Tumor lysis syndrome (TLS) is well described treatment related oncologic emergency with hyperuricemia being a cardinal sign of it leading to acute uric acid nephropathy. But spontaneous occurrence of TLS has occasionally been described in the literature. This spontaneous tumor lysis syndrome (STLS) is unusual cause for acute kidney injury (AKI) and a very uncommon initial presentation of lymphoma. AKI occurring in the setting of STLS has very poor outcome as it was not possible to institute preventive measures leading to very high mortality. We report a case of non-Hodgkin's lymphoma presenting with severe hyperuricemia with AKI. Our case stresses the importance of rapid diagnosis and treatment of AKI due to STLS which helps in early renal recovery. With prompt and timely initiation of hemodialysis and other supportive measures, renal failure and prognosis can be improved.
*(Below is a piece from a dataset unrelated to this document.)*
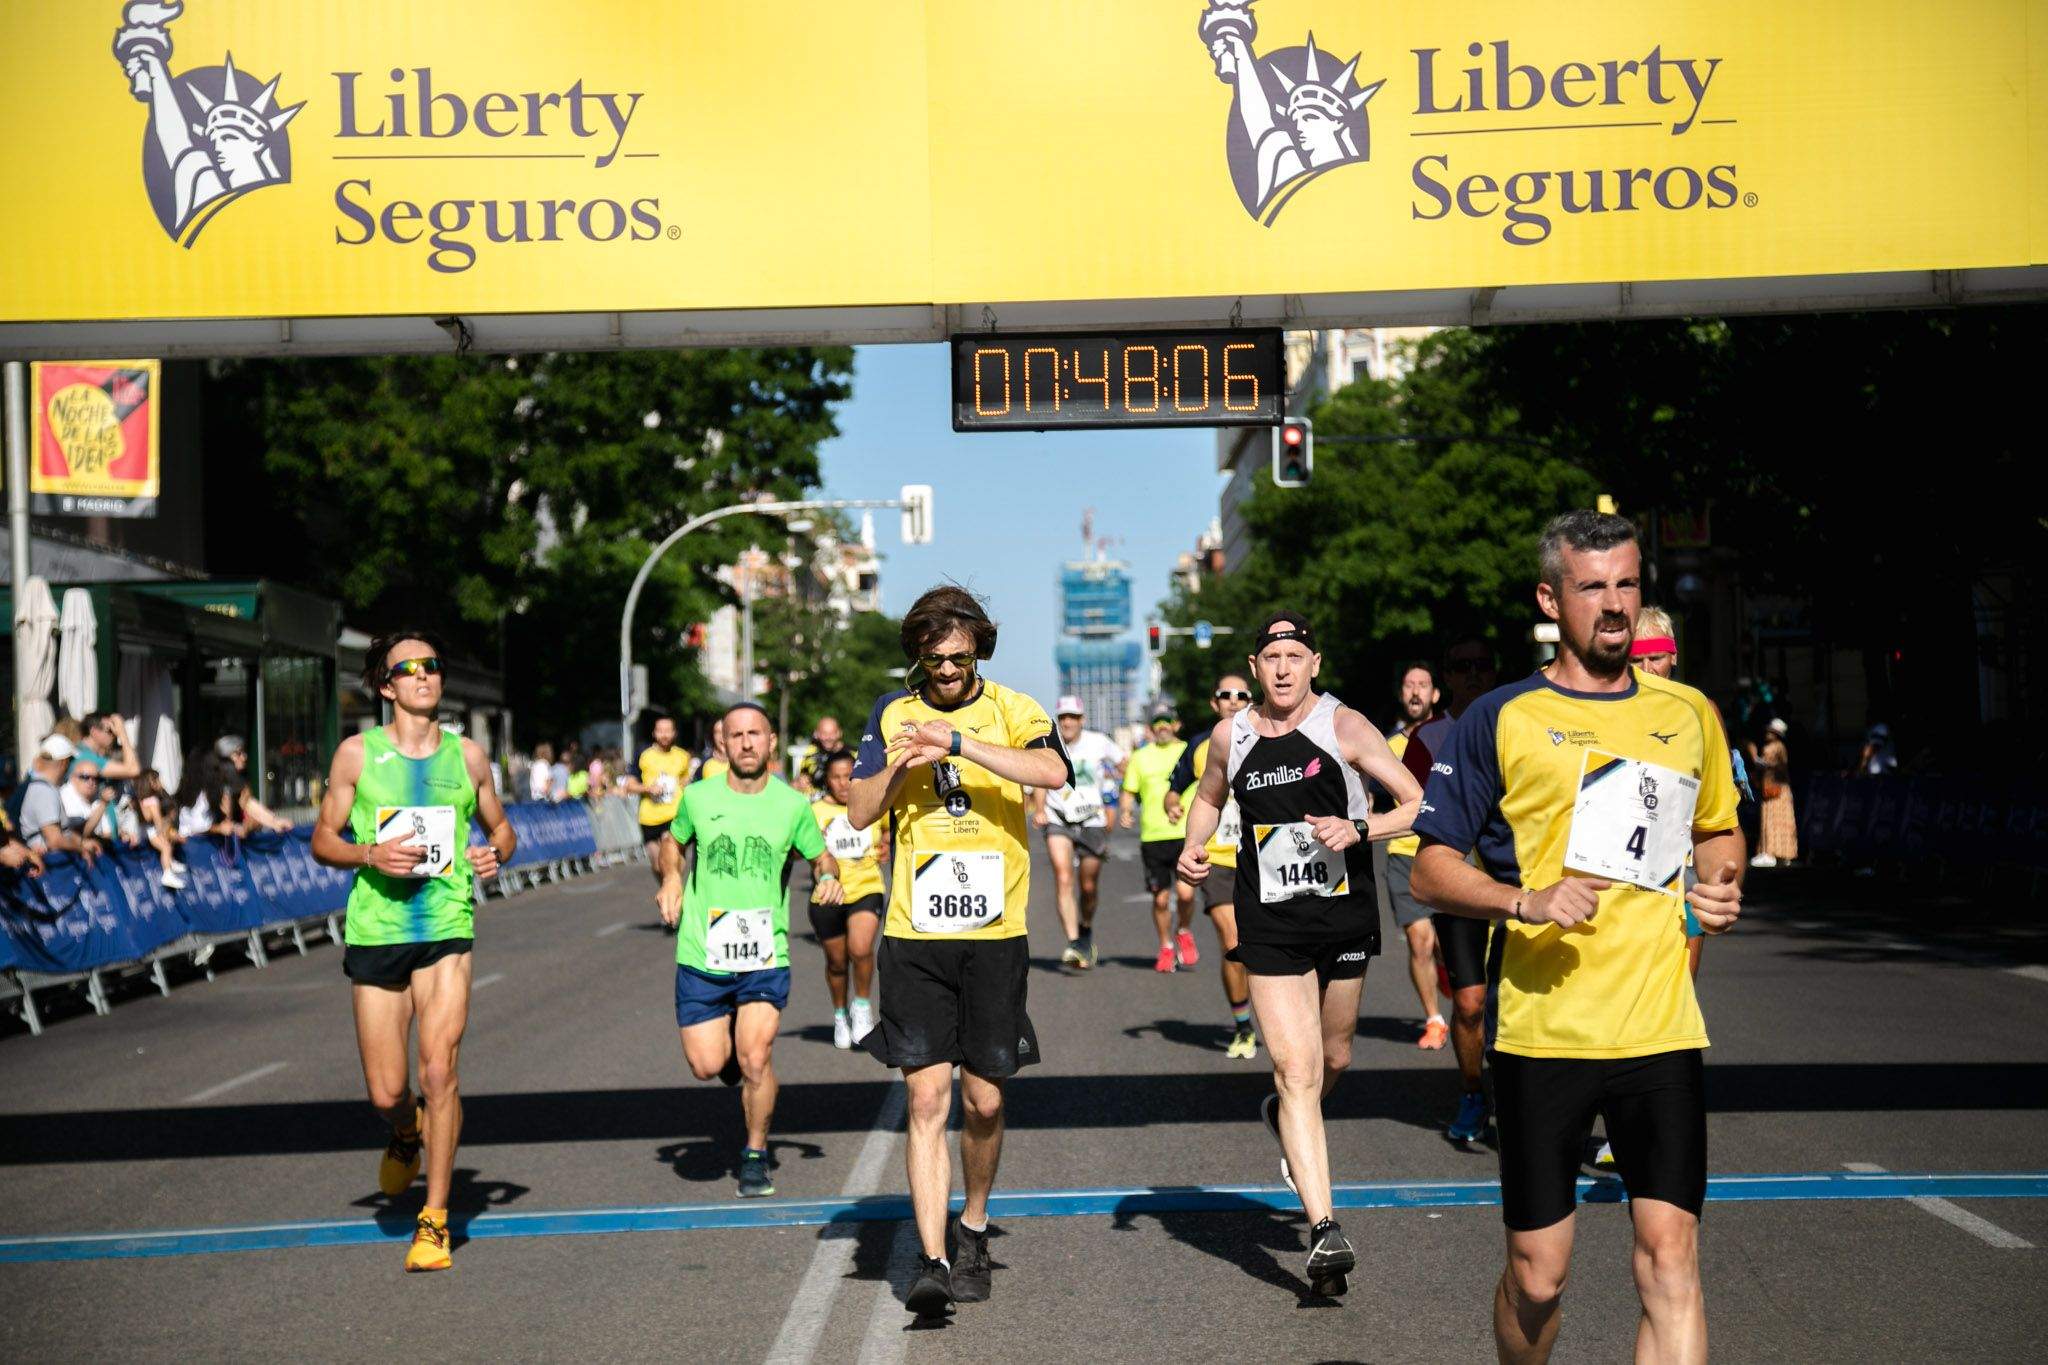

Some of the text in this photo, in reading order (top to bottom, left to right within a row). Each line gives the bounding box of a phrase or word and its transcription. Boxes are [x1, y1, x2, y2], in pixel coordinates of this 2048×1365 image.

严重高尿酸血症伴急性肾损伤:自发性肿瘤溶解综合征需要警惕
肿瘤溶解综合征(TLS)是与治疗相关的肿瘤急症,高尿酸血症是导致急性尿酸肾病的主要征兆。但在文献中偶有对TLS自发发生的描述。这种自发性肿瘤溶解综合征(STLS)是急性肾损伤(AKI)的罕见原因,也是一种非常罕见的淋巴瘤初始表现。在STLS的情况下发生AKI的结果非常差,因为不可能采取预防措施,导致死亡率很高。我们报告一例非霍奇金淋巴瘤,表现为严重高尿酸血症与AKI。我们的病例强调快速诊断和治疗STLS引起的AKI的重要性,这有助于早期肾脏恢复。及时开展血液透析及其他支持措施,可改善肾功能衰竭及预后。
本文章由计算机程序翻译,如有差异,请以英文原文为准。